On 200, persist runId, documentId, result, and the billing fields. On 4xx/5xx, branch on status — see Error handling below.
For production integrations and automation platforms, use POST /api/stealthify/agent/runs instead. It returns immediately with a runId, supports idempotency-key, and can deliver the terminal result to webhookUrl.

Step 1: Pick a preset and build the request

The endpoint accepts a discriminated union on preset. Unknown fields are rejected by the schema, so don’t send extras.
{
  "preset": "academic",
  "prompt": "Explain how mitochondria became eukaryotic energy organelles, with citations.",
  "enableFactCheck": true,
  "enableImageGeneration": false
}
See the full schema and per-field documentation in the endpoint reference.

Step 2: Configure your HTTP client

Stealth Agent runs are multi-step and can take several minutes. The server allows up to 600 seconds per request — your client must allow at least that long.
Most HTTP clients default to 30–60 seconds.

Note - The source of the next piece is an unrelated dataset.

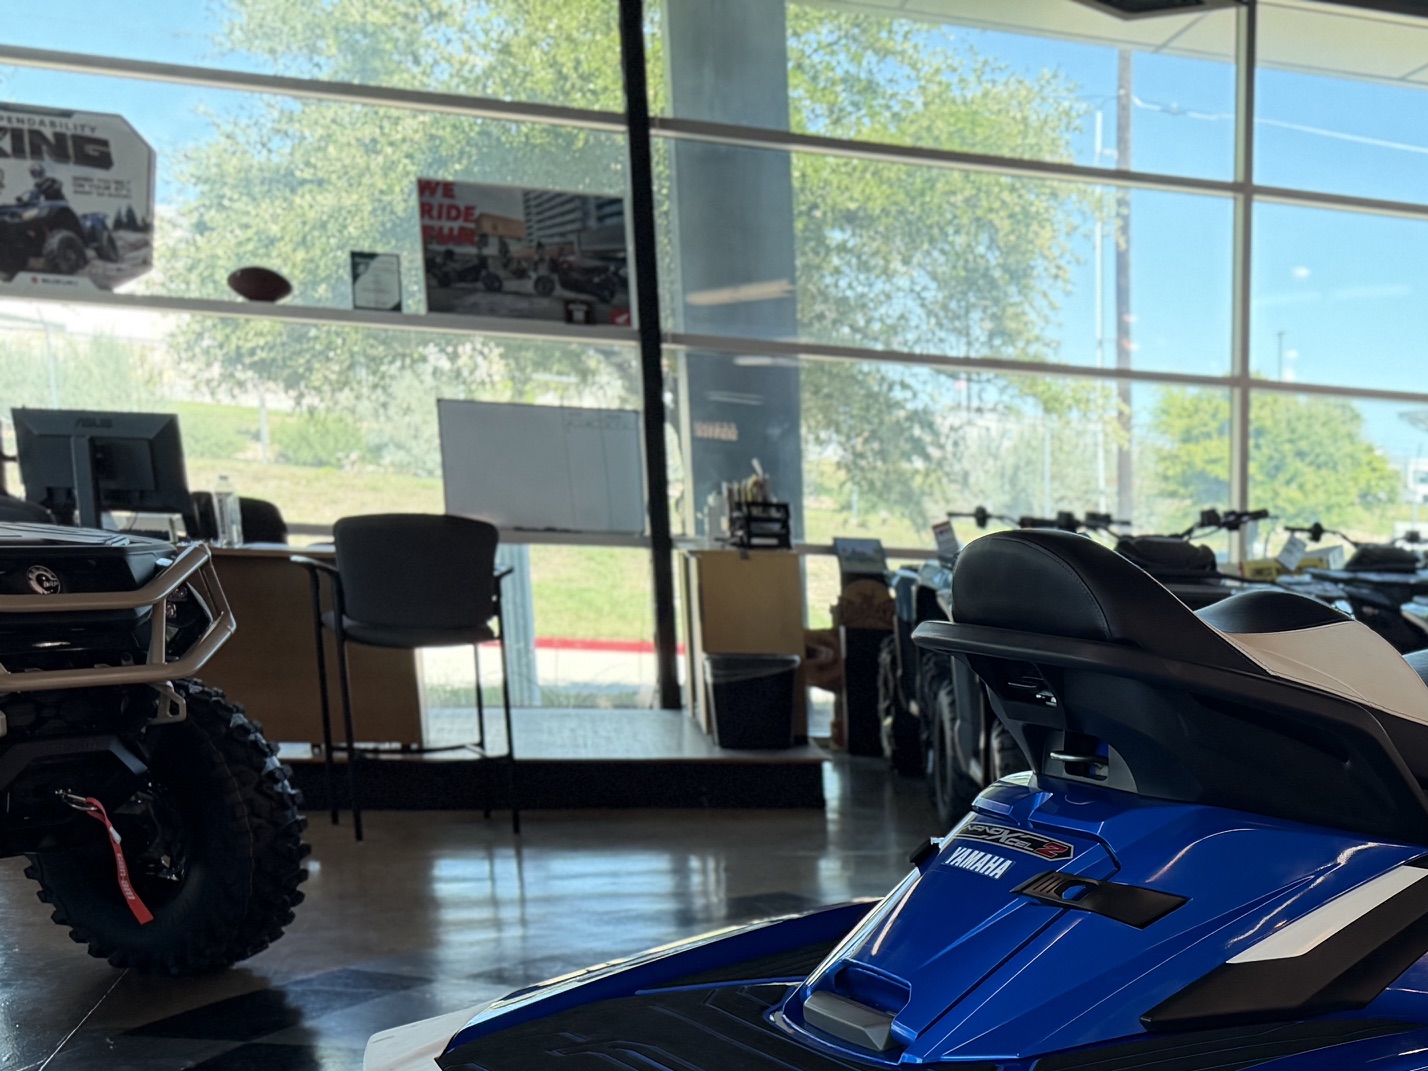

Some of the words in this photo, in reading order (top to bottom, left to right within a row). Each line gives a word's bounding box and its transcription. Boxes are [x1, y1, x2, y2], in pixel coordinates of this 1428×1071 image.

If you don’t raise the timeout, your client will abort runs mid-pipeline and the user will see a misleading error while the server keeps working.
curl --request POST \
  --url 'https://stealthgpt.ai/api/stealthify/agent' \
  --header 'Content-Type: application/json' \
  --header 'api-token: YOUR_API_TOKEN' \
  --max-time 600 \
  --data '{
    "preset": "seo",
    "prompt": "Write a 1,800-word guide on choosing PostgreSQL vs MySQL for early-stage SaaS.",
    "enableFactCheck": true,
    "enableImageGeneration": true
  }'

Step 3: Choose sync or async delivery

A 5–10 minute synchronous request is fine for a CLI or a one-off script, but it’s a poor fit for an HTTP-facing API, UI, workflow engine, or agent integration.

Use sync for scripts

POST /api/stealthify/agent returns the final markdown directly, but your HTTP client must wait up to 10 minutes.

Use async for integrations

POST /api/stealthify/agent/runs returns 202 Accepted, lets you poll statusUrl, and can call your webhookUrl on completion.
If you use async runs, the production pattern is:
1

Accept a generation request synchronously

Validate inputs, persist your own job row, and call POST /api/stealthify/agent/runs with an idempotency-key.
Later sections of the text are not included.